→ **Dataset items**:
'''

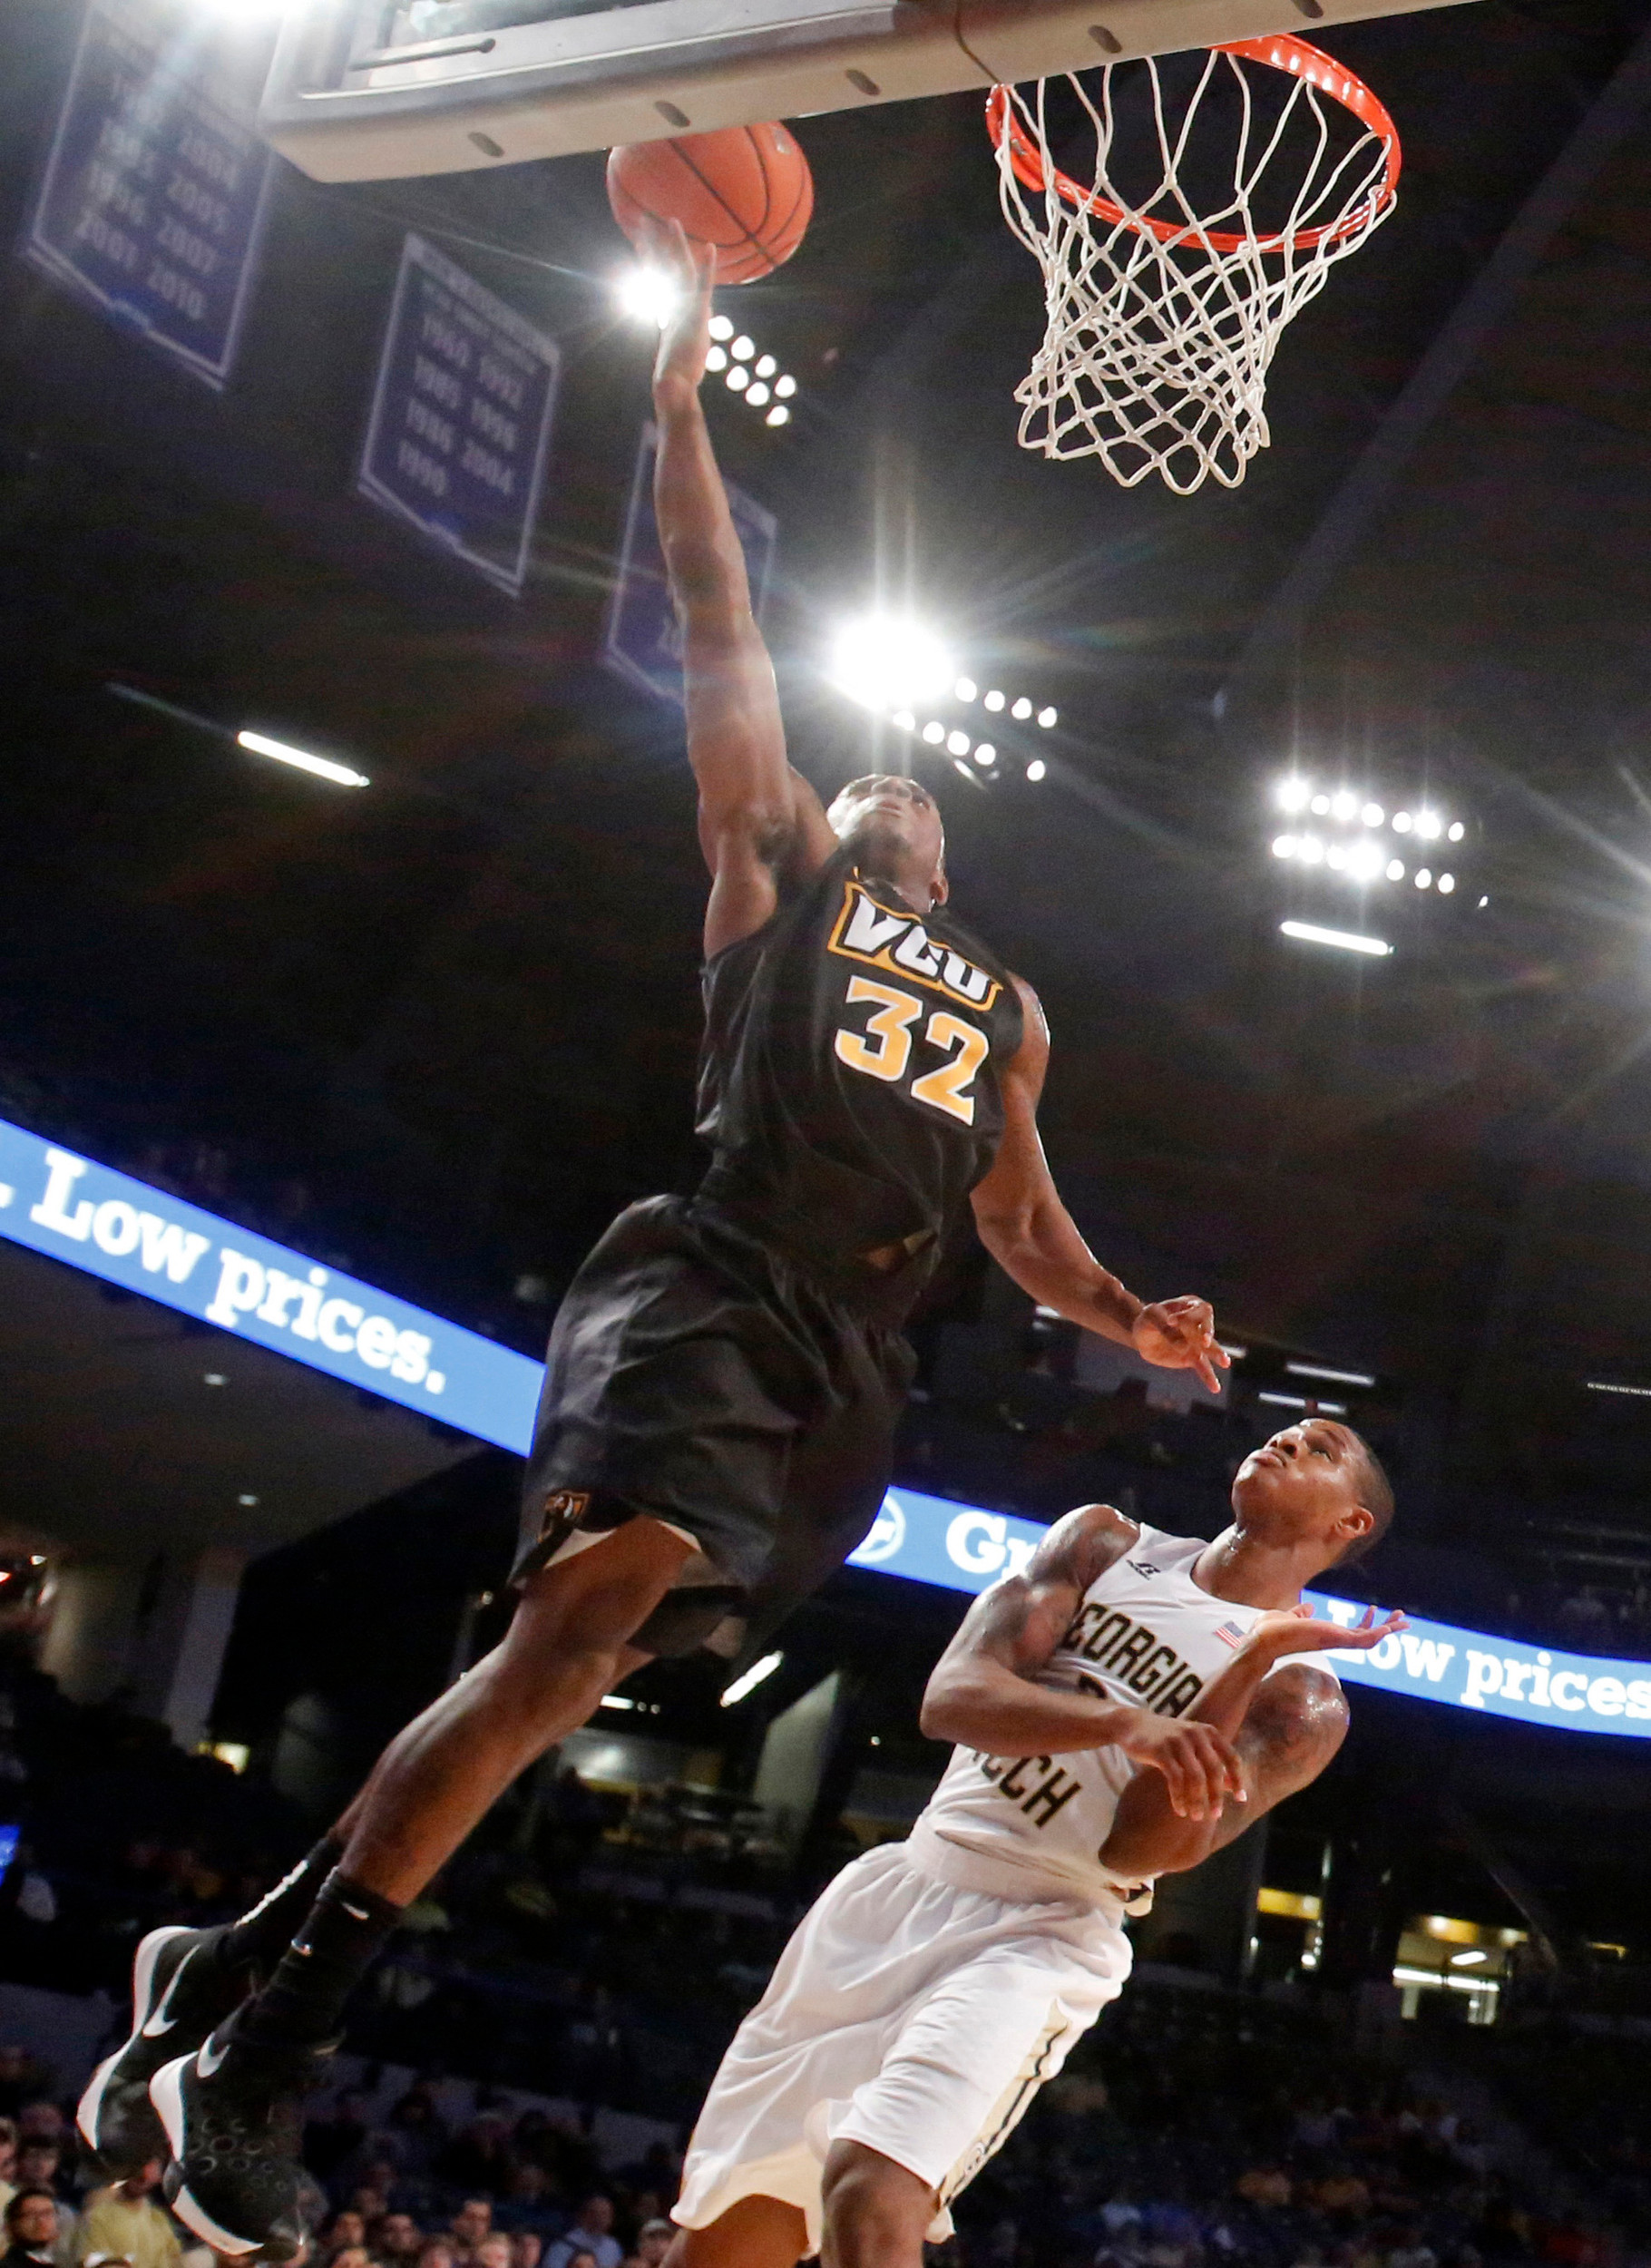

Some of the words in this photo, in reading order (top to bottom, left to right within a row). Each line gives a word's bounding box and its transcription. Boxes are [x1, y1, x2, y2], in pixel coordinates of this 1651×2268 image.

[840, 891, 992, 1003] VCU
[834, 974, 991, 1127] 32
[30, 1148, 209, 1284] Low
[205, 1246, 447, 1395] prices.
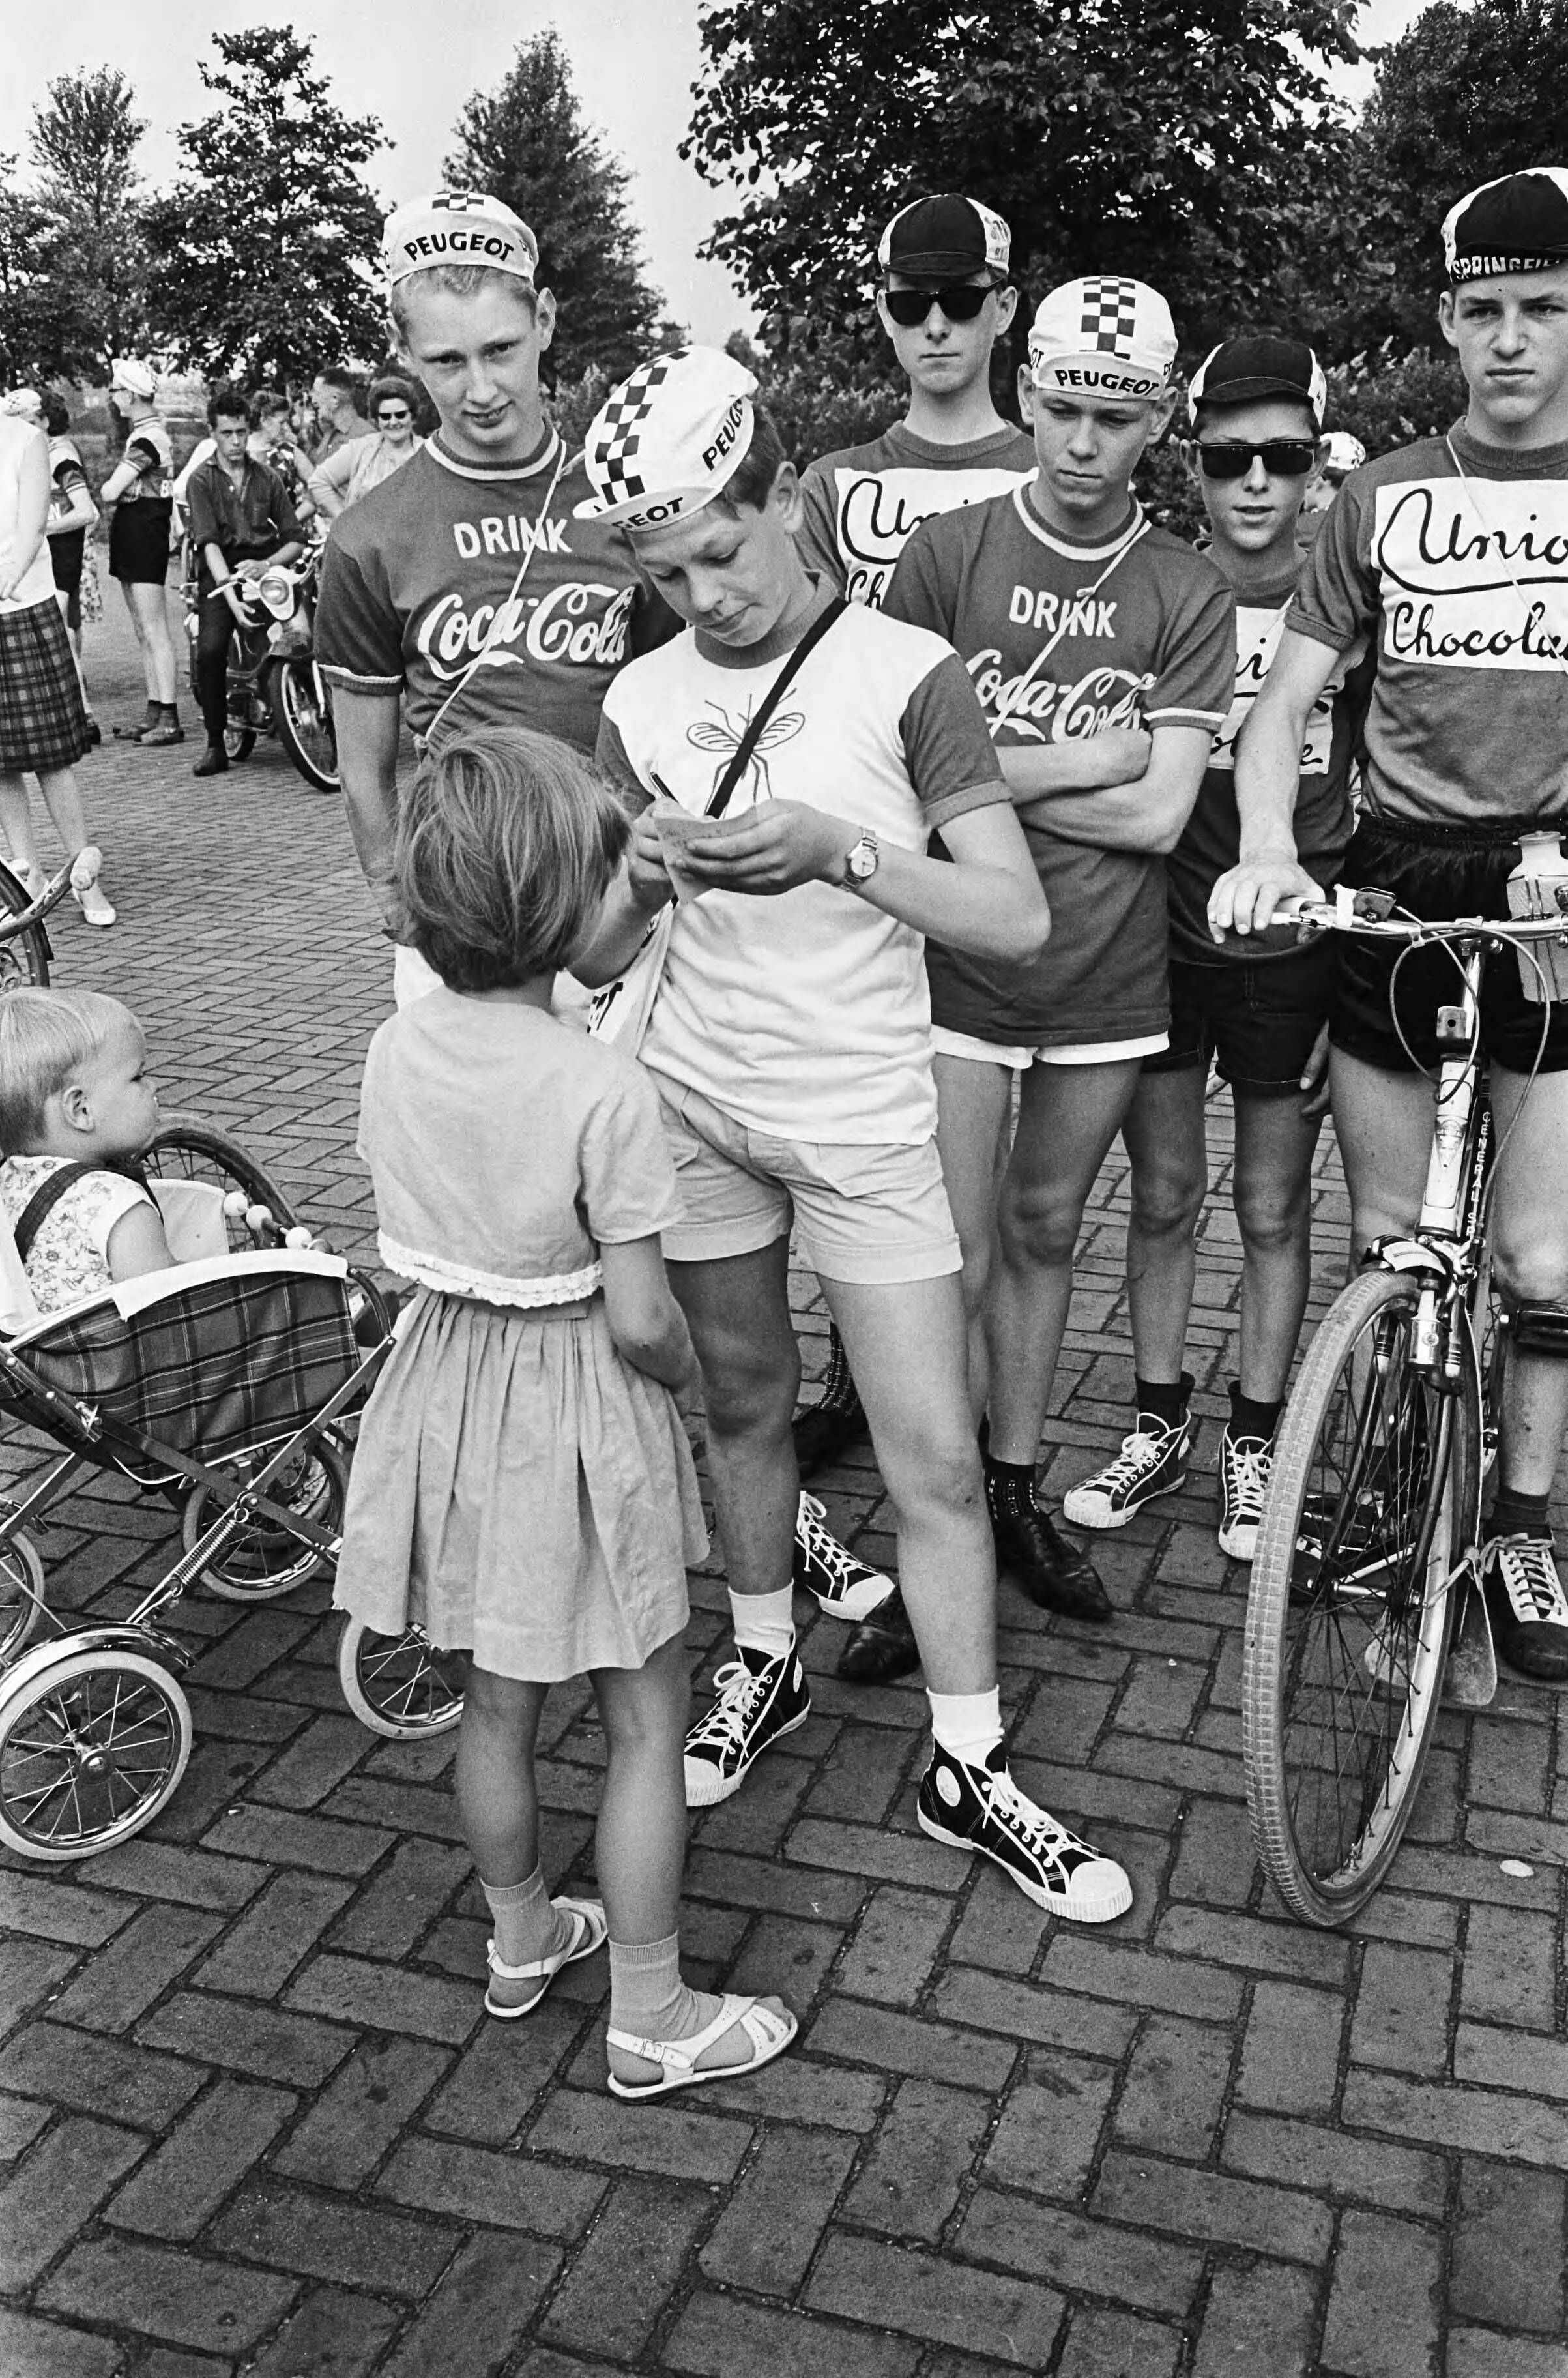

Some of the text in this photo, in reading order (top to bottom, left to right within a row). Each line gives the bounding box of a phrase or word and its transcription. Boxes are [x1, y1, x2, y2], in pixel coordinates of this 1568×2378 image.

[404, 232, 514, 261] PEUGEOT
[1054, 370, 1159, 396] PEUGEOT
[454, 516, 572, 558] DRINK
[417, 583, 635, 680] Coca-Cola
[1010, 585, 1117, 638] DRINK
[1393, 602, 1568, 659] Chocola
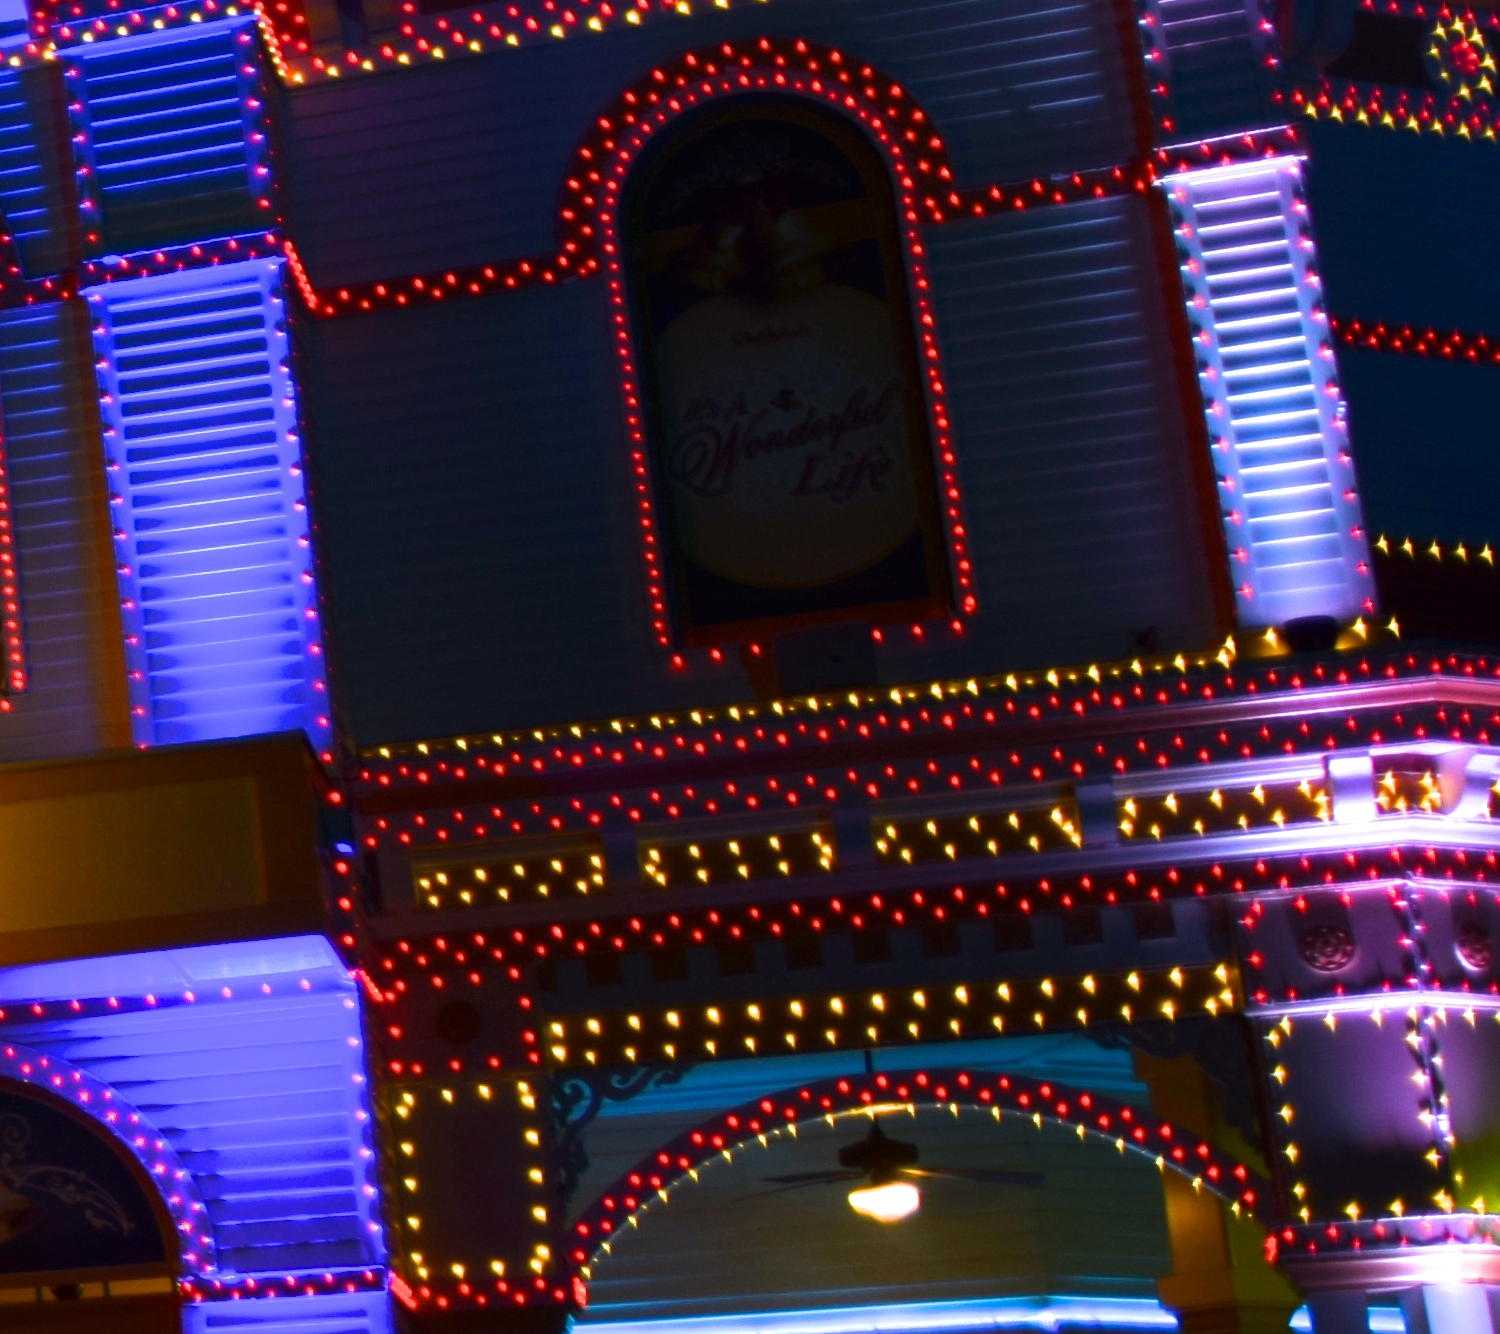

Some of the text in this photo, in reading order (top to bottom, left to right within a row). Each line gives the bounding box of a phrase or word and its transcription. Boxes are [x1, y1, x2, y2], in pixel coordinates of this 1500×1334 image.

'''

→ **Task directions**: Output the data above in full. Skip every picture.

→ **Reply to the exercise**:
Some of the words in this photo, in reading order (top to bottom, left to right within a row). Each line gives a word's bounding box and its transcription. Boxes are [x1, y1, x2, y2], in pixel coordinates of this 1651×2268 image.

[840, 891, 992, 1003] VCU
[834, 974, 991, 1127] 32
[30, 1148, 209, 1284] Low
[205, 1246, 447, 1395] prices.

Some of the text in this photo, in reading order (top to bottom, left to right within a row). Each line gives the bounding box of a phrase or word and its transcription. Boxes are [x1, y1, x2, y2], in pixel coordinates of this 1568×2378 image.

[404, 232, 514, 261] PEUGEOT
[1054, 370, 1159, 396] PEUGEOT
[454, 516, 572, 558] DRINK
[417, 583, 635, 680] Coca-Cola
[1010, 585, 1117, 638] DRINK
[1393, 602, 1568, 659] Chocola

Some of the text in this photo, in reading order (top to bottom, left to right within a row). Each line gives the bounding box of a phrase or word and its transcription. Boxes are [x1, y1, x2, y2], in pixel coordinates of this 1500×1334 image.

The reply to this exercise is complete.